### Instructions for the task
Without including any pictures, please copy every entry below exactly.

Stored data entries
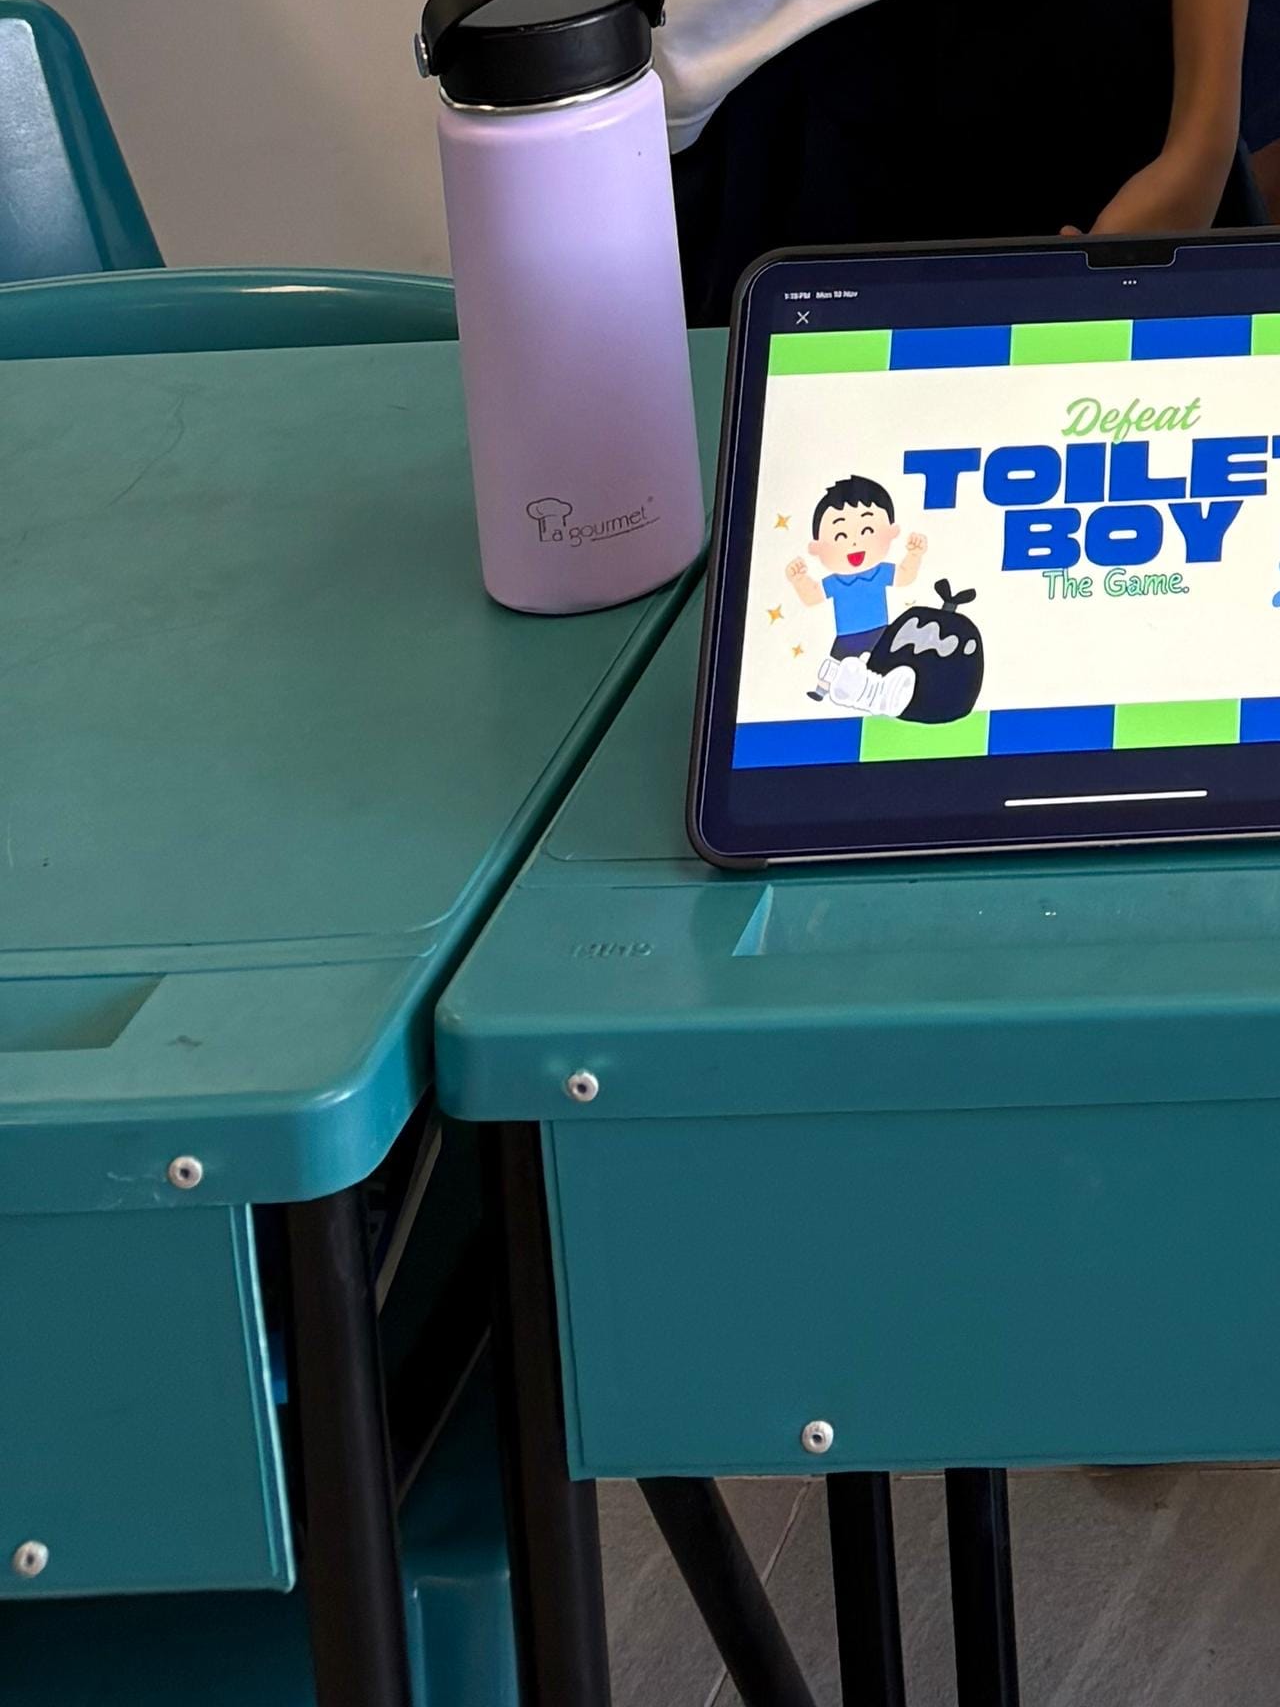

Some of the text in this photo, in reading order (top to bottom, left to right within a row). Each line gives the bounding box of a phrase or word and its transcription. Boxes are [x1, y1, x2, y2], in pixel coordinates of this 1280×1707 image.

[1062, 396, 1202, 444] Defeat
[539, 506, 648, 547] La gourmet
[1001, 501, 1245, 573] BOY
[1043, 568, 1190, 602] The Game.
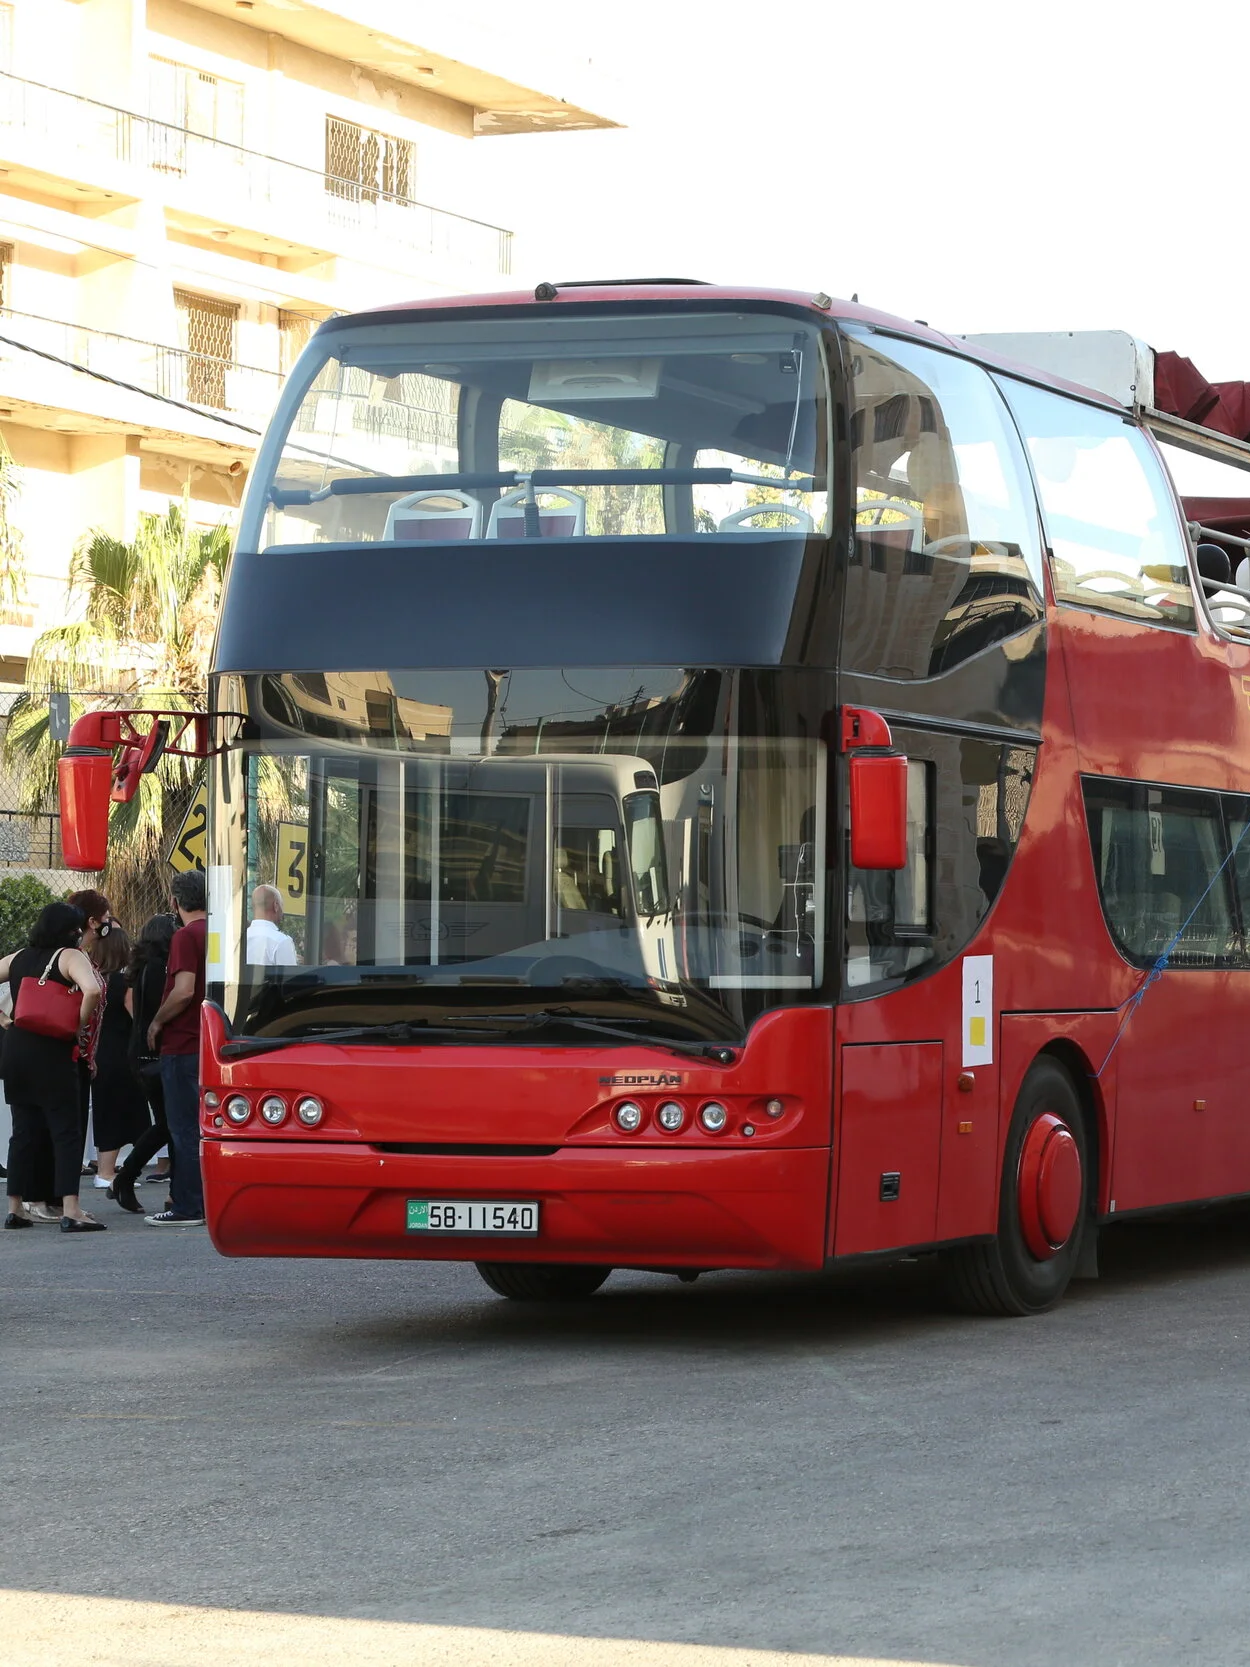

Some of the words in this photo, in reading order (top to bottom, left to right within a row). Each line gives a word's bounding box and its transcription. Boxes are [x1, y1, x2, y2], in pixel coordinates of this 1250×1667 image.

[288, 841, 306, 899] 3
[974, 980, 981, 1004] 1
[599, 1074, 682, 1086] NEOPLAN

### Answer to this problem
Some of the text in this photo, in reading order (top to bottom, left to right within a row). Each line gives the bounding box of a phrase or word and its transcription. Boxes are [x1, y1, x2, y2], in pixel coordinates of this 1280×1707 image.

[1062, 396, 1202, 444] Defeat
[539, 506, 648, 547] La gourmet
[1001, 501, 1245, 573] BOY
[1043, 568, 1190, 602] The Game.

Some of the words in this photo, in reading order (top to bottom, left to right within a row). Each line gives a word's bounding box and its transcription. Boxes are [x1, y1, x2, y2], in pixel coordinates of this 1250×1667 image.

[288, 841, 306, 899] 3
[974, 980, 981, 1004] 1
[599, 1074, 682, 1086] NEOPLAN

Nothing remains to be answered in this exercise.